Et, quand Rudy quitta précipitamment la corniche, l’adolescent fit lui aussi un bond en arrière, tombant presque dans le trou où se trouvait l’échelle qui lui avait permis d’arriver jusqu’au toit.
L’homme remonta sa canne, qui semblait lourde, sous le menton de Zeke et gronda :
— La ferme ! Je ne le répéterai pas deux fois, parce que je n’aurai pas besoin de le faire. Si tu fais du boucan et que ça rameute les Pourris, je te jette dans la rue moi-même. Tu te mets en danger si tu veux, mais tu ne m’embarques pas avec toi. Je profitais d’un peu de paix et de tranquillité avant que tu arrives et, si tu me les enlèves, je t’arrache la tête.
Sans quitter Rudy du regard, Zeke farfouilla dans son sac, tentant de remettre la main sur son revolver. D’un coup de poignet rapide, l’homme se servit de sa canne pour enlever la bandoulière de l’épaule du garçon et expédia ainsi le sac au sol.
— Tu n’es plus dans les Faubourgs, petit. Si tu fais l’andouille là-bas, tu peux prendre un coup de bâton ou un poing dans la mâchoire. Mais si tu cherches les ennuis ici, tu finiras bouffé par les Pourris avant l’aube.
— Il reste encore du temps avant que le soleil se lève demain, dit Zeke d’une voix entrecoupée, la pointe de la canne appuyée contre sa gorge.
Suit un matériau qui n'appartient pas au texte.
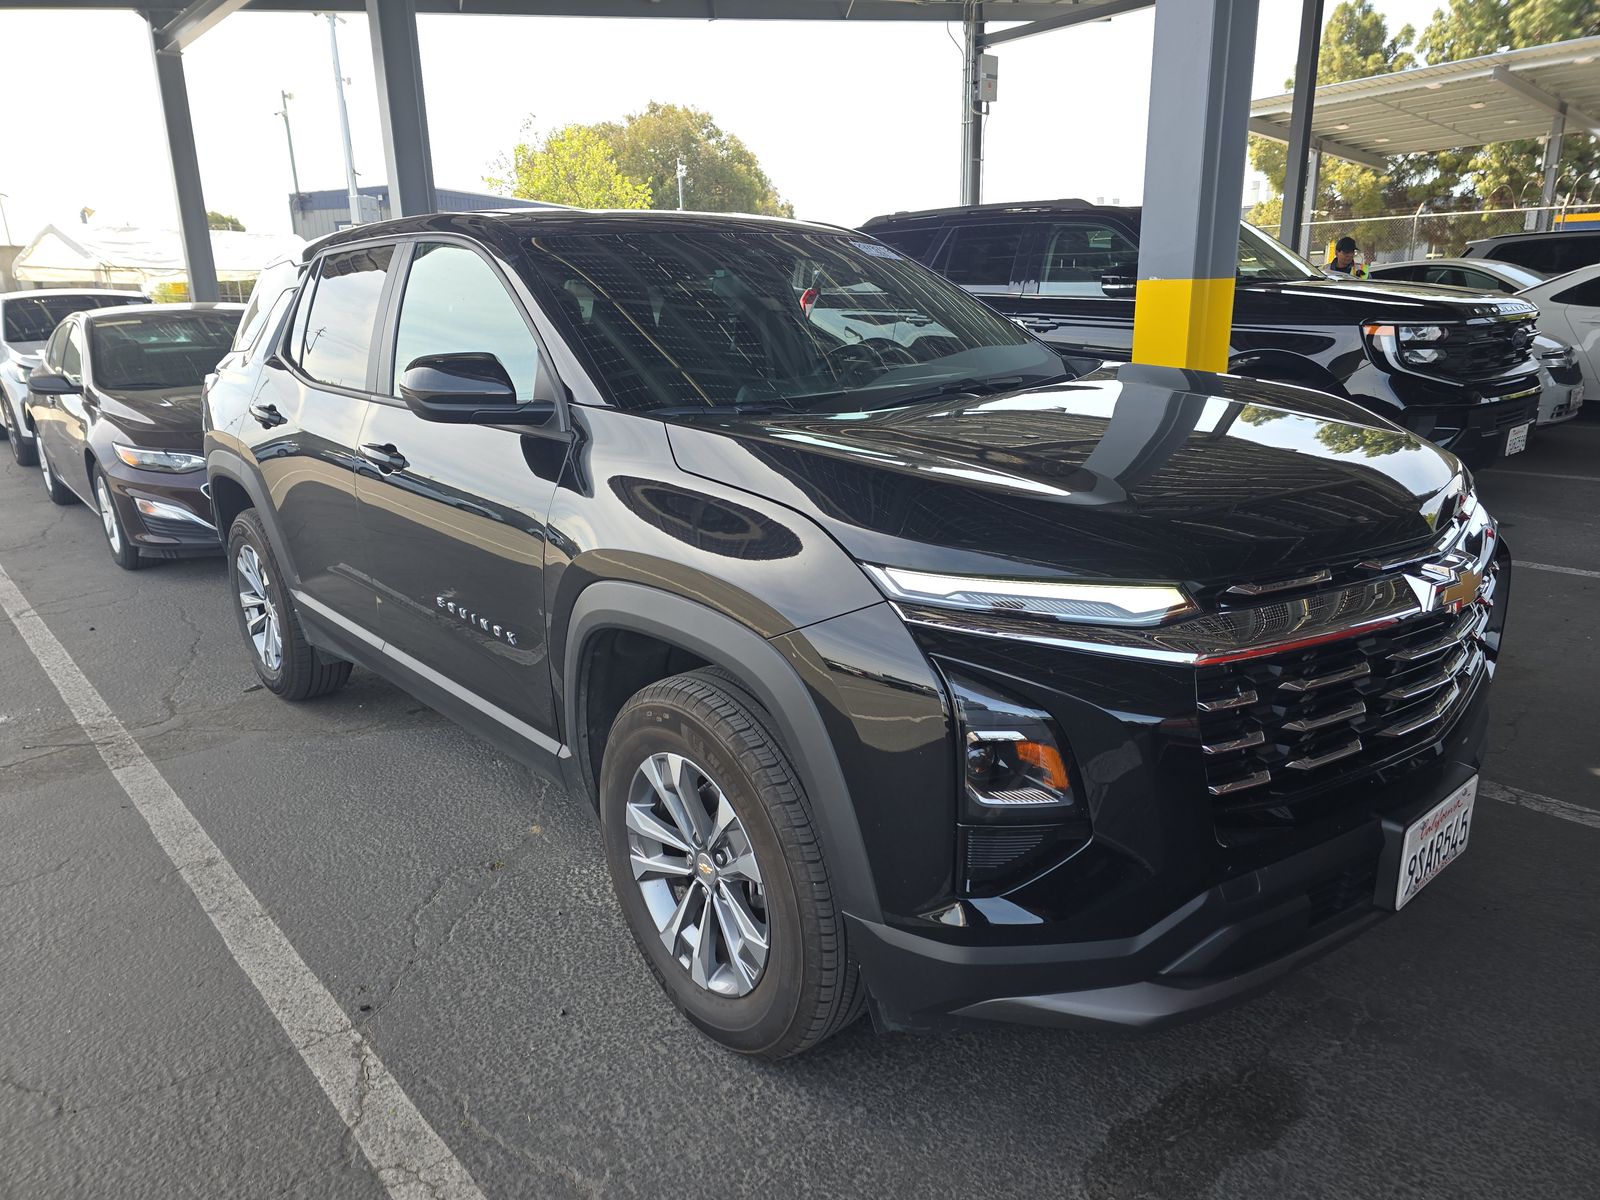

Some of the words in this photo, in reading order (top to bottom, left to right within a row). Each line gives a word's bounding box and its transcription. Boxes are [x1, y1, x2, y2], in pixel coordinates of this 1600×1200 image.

[436, 596, 517, 645] EQUINOX
[1420, 799, 1464, 840] California
[1404, 808, 1469, 896] 9SAR545
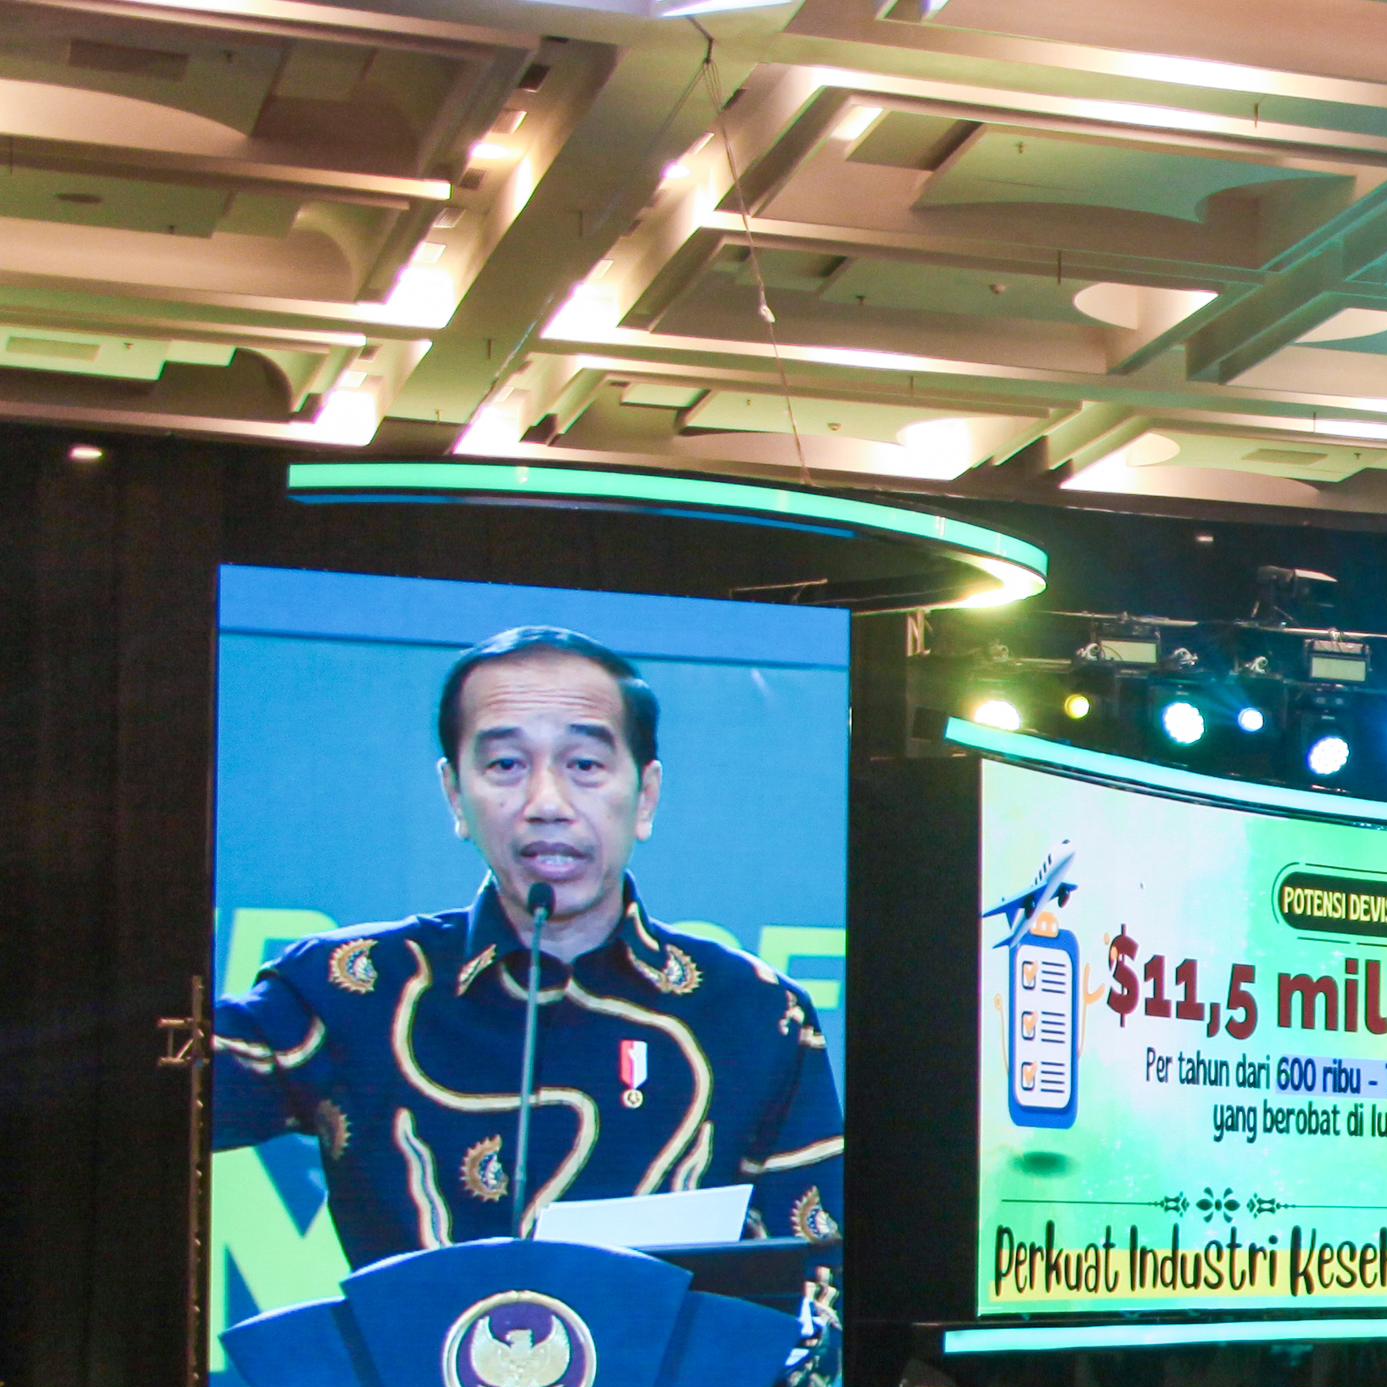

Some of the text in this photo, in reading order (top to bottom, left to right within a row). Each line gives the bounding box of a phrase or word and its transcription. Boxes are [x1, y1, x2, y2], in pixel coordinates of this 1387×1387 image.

[1283, 887, 1346, 920] POTENSI
[1107, 923, 1258, 1039] $11,5
[1146, 1048, 1172, 1084] Per
[1178, 1053, 1229, 1088] tahun
[1235, 1055, 1271, 1089] dari
[1277, 1057, 1316, 1091] 600
[1322, 1059, 1361, 1094] ribu
[1213, 1105, 1258, 1143] yang
[1263, 1103, 1340, 1137] berobat
[1346, 1104, 1364, 1137] di
[995, 1221, 1119, 1295] Perkuat
[1130, 1224, 1278, 1291] Industri
— Tu as très bien compris ce que je voulais dire. Et, maintenant, tu baisses le ton sinon ça va aller mal.
— C’est déjà le cas, rétorqua-t-il.
Rudy dégagea sa canne en grommelant. Il la reposa au sol et s’appuya dessus, prenant appui sur le pommeau. De l’autre, il tenait toujours la bouteille, même si celle-ci était complètement vide.
— Je ne sais même pas pourquoi je m’en mêle, grogna-t-il en reculant. Tu veux aller la voir cette maison, oui ou non ?
— Oui !
— Alors, si tu veux vivre suffisamment longtemps pour pouvoir poser les yeux dessus, tu vas devoir suivre mes règles. C’est compris ? Tu vas parler doucement ou garder la bouche fermée tant que je n’ai pas dit que tu pouvais parler. Et tu restes près de moi. Je ne rigole pas et je n’essaie pas de te faire peur lorsque je dis que c’est dangereux. Pour être franc, je ne pense pas que tu survivrais une heure livré à toi-même. Tu peux essayer si tu veux, je ne t’arrêterai pas. Mais tu ferais mieux de rester collé à moi. C’est toi qui vois.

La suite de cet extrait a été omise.